Concentrating Solar Thermal for High-Temperature Solar Process Heat

Photo: CNRS
Cement is the most widely used building material in the world. One of its key ingredients is calcium oxide (CaO), also called quicklime, which can be produced by calcination from naturally occurring limestone (CaCO3). Calcination is an energy-intensive, around-the-clock decomposition process at around 900 °C, usually powered by the combustion of coal or secondary fuels (e.g. used tires, or the burnable fraction of industrial or municipal waste). The aim of Solpart is to develop a solar reactor prototype that separates limestone into CaO and CO2. The heat for the particles will come directly from a concentrating mirror field without being transported by any heat transfer fluid.
The project’s main challenge is in solar reactor development. Currently, there are two different designs being built in lab size (5 to 10 kW) at the participating research institutes.
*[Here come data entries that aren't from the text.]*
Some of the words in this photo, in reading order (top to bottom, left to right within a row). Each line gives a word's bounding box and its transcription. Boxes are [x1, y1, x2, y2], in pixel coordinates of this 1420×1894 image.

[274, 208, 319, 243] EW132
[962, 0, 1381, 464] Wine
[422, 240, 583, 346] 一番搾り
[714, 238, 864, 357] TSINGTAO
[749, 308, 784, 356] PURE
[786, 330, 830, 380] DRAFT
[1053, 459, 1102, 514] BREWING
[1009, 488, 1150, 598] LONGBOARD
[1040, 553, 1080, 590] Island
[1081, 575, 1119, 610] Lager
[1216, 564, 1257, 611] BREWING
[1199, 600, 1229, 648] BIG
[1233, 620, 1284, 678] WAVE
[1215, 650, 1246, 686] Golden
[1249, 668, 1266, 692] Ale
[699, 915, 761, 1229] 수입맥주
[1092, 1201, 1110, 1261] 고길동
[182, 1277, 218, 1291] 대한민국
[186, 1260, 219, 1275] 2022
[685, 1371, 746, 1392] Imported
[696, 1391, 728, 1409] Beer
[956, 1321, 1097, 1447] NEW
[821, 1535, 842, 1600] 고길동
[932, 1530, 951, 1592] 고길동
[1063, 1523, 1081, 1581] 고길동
The principal achievements made so far are related to the measurement and modelling of kinetic data from decarbonisation as a function of temperature and particle diameters.
The CNRS prototype is a fluidised bed reactor, which can be used for a variety of multiphase chemical reactions. The German Aerospace Centre, DLR, employs a rotary kiln version to heat up the particles directly by solar radiation entering one side of the cylinder (see the photo below).

Lab-size rotary kiln reactor at German Aerospace Centre
Photo: DLR
Based on nearly completed simulations and measurements, there will be a decision later this year on which reactor to bring to a new prototype stage. When scaled up, it needs to operate 24 hours a day, show 30 kWth of nominal power for producing 30 kg of CaO every hour and include a 16-hour heat storage unit for 160 kg of particles and for delivering 10 kg of CaO per hour.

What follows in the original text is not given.